The line extending from Brainerd to Watab was a part of the line, over.which the Minnesota & Pacific Railroad Company was, by the act of 1857, (Extra Sess. 1857, c. 1,) and by subsequent enactments,, authorized to construct its road. This not having been constructed by that company, nor by its successor, the St. Paul & Pacific Railroad Company, chapter 201 of the Special Laws of 1877 was enacted, declaring tbe rights, privileges, franchises, and grants of that corporation, appertaining to this line, to be forfeited to the state, without, merger or extinguishment, and that the same were continued and conferred as in that act provided. Upon conditions not important, to be here mentioned, it further provided that (§ 5) “any company or corporation now organized, or that may hereafter organize, having authority from this state to build, maintain, and operate a line of railroad within or through the state, may succeed to and acquire the right to. complete, own, maintain, and operate” this line, “by filing with the governor a written notice of its desire and intention, under and subject to the provisions of this act, to complete” the same. Section 7 provides that “any company acting under and pursuant to the provisions of this act shall become entitled to and invested with all and singular the rights, privileges, immunities, franchises, lands, and property appertaining to the portion of road it shall complete, which were formerly held by, or which formerly belonged to, the St. Paul & Pacific Railroad Company, or which were formerly granted to the St. Paul & Pacific Railroad Company.”
The Western Railroad Company of Minnesota, which had theretofore been created, under the general laws of the state, for the construction of a road from Brainerd to Sauk Rapids, and thence to Minneapolis and beyond, accepted and availed itself of the provisions of this act of 1877, in the manner therein designated, and, under and by virtue of that act, constructed this line, completing it before the first day of May, 1878. That corporation then leased the road to this defendant, which has ever since operated it.
By chapter 6 of the Special Laws of 1865, modifying the provisions *209of the original charter of 1857, above referred to, the St. Paul & Pacific Railroad Company was declared to be forever exempt from assessment and taxation, in consideration of the payment to the state yearly of 1 per cent, of the gross earnings of the railroad during the first three years after 30 miles of the same should be completed and in operation; 2 per cent, during the next seven years; and 3 per cent, from and after the éxpiration of 10 years from the completion of 30 miles of road.
The controversy is as to whether the percentage to be paid in accordance with the act of I860, in respect to this line of road, is to be determined with regard to the time when the St. Paul & Pacific Railroad Company completed and put in operation 30 miles of its road, or system of roads, or only with regard to the time of the construction of this particular line of road, or of 30 miles of the same, by the Western Railroad Company. If the former is the rule to be applied, the defendant is chargeable with 3 per cent, of its earnings for the year 1885; if the latter rule is applied, it is chargeable with only 2 per cent.

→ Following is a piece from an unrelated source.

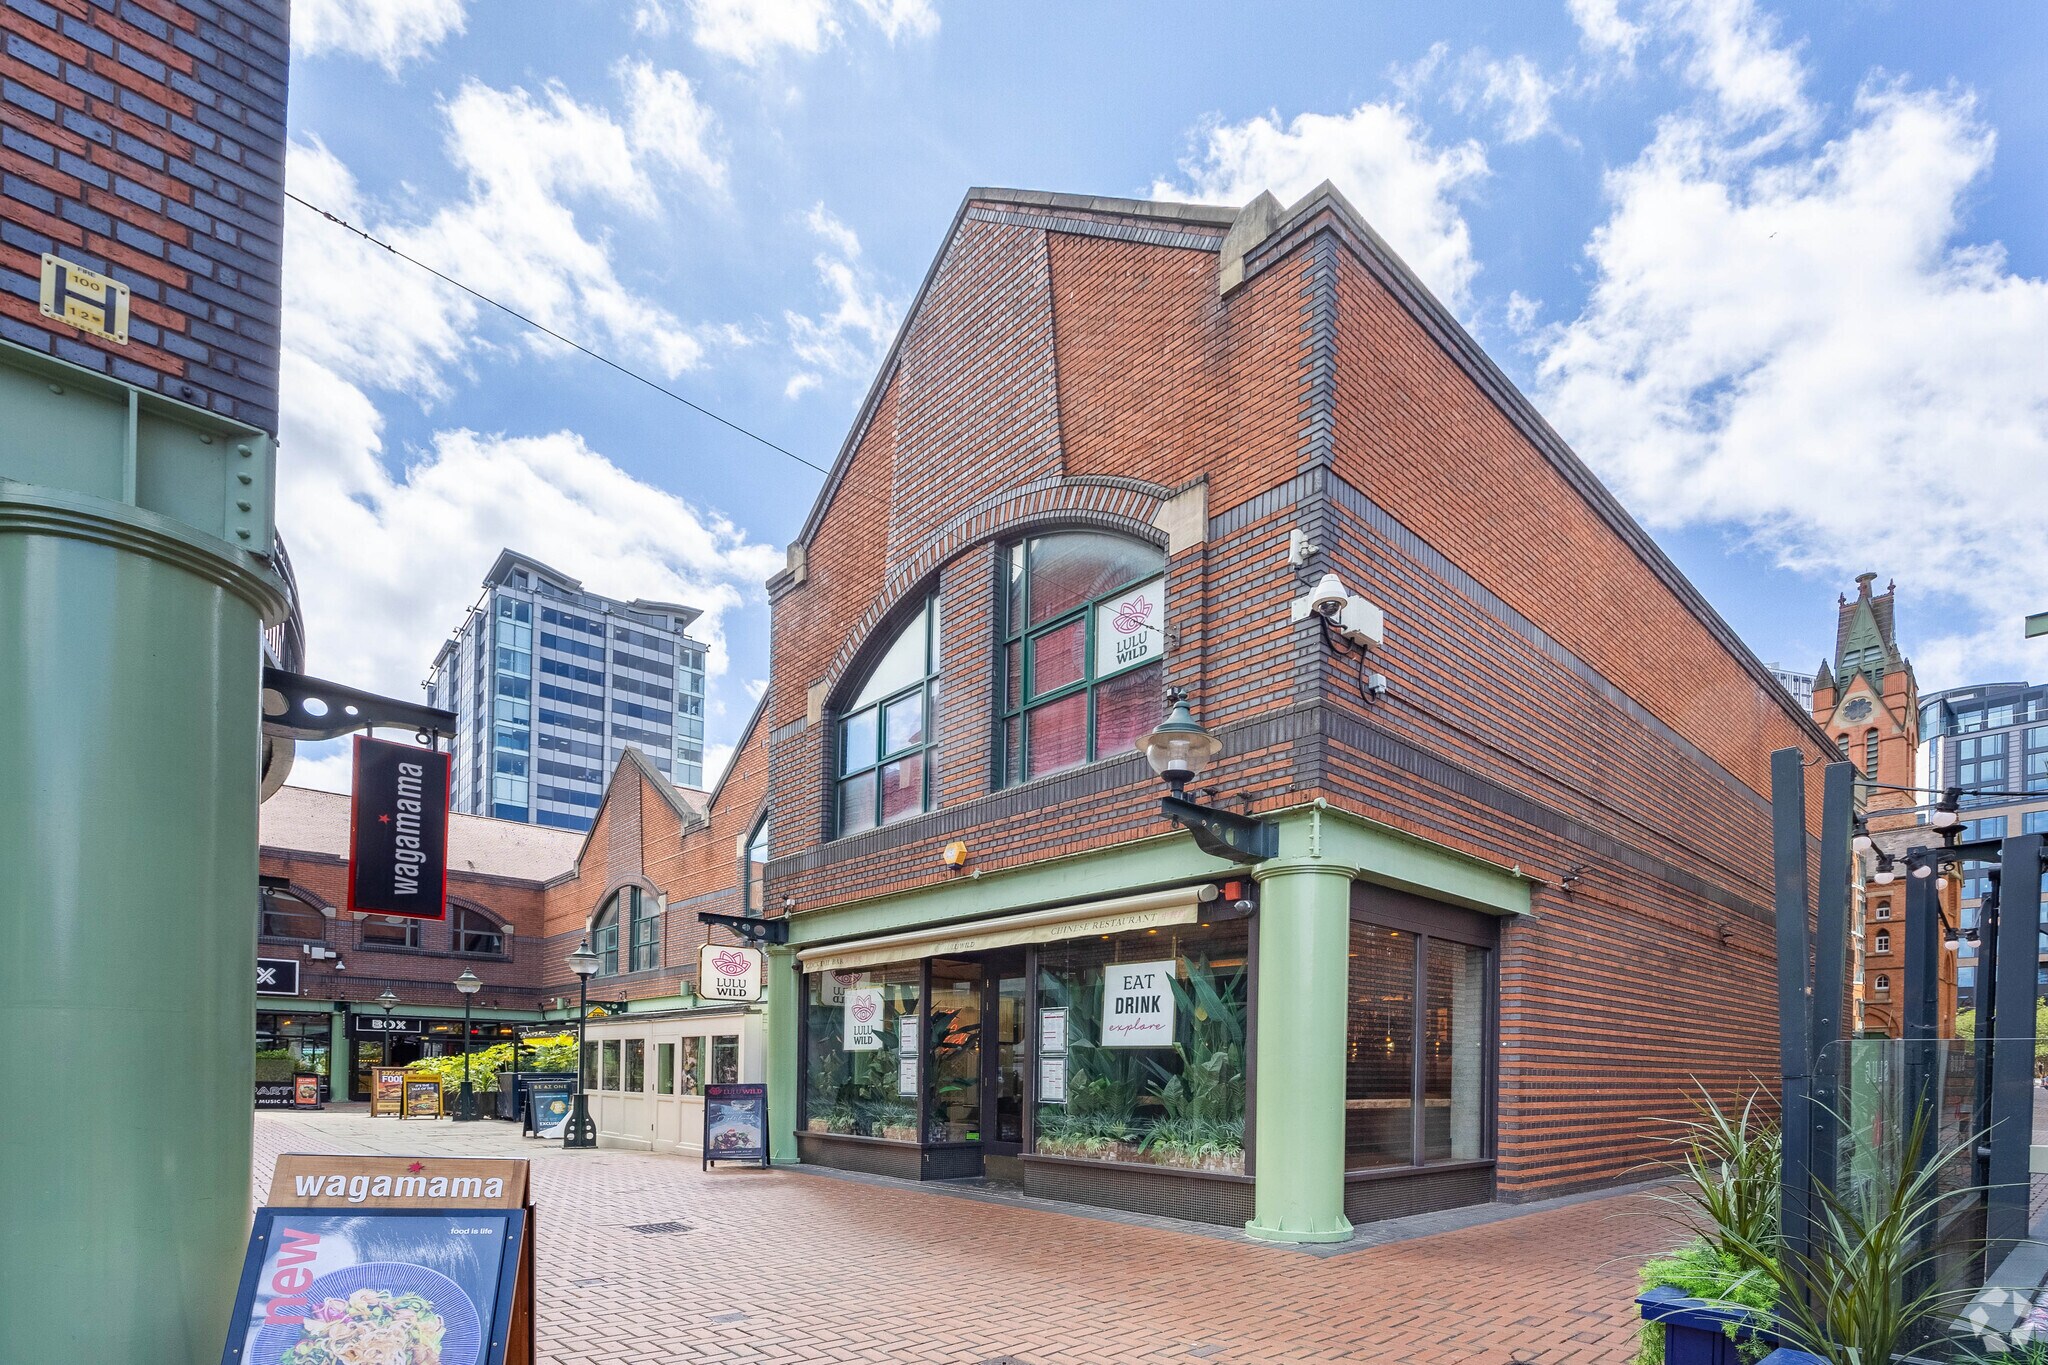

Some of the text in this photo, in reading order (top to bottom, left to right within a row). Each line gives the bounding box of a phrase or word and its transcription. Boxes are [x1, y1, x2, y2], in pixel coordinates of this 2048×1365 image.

If this line of road had been constructed and operated by the St. Paul & Pacific Railroad Company, or by any company deriving from that corporation, and under the peculiar provisions of its charter, a separate corporate existence, there can be no doubt that, pursuant to the provisions of the act of 1865, it would have been required to pay 3 per cent, of its gross earnings for the year 1885. After the construction and putting in operation of 30 miles of road composing any part of the entire line or system of the St. Paul & Pacific Railroad Company, the rate per centum prescribed by the act of 1865 became at once applicable to the entire system, so far at least as the same was constructed and operated by that company, or by any corporation deriving its existence from it. This was decided in Chicago, Mil. & St. Paul Ry. Co. v. Pfaender, 23 Minn. 217.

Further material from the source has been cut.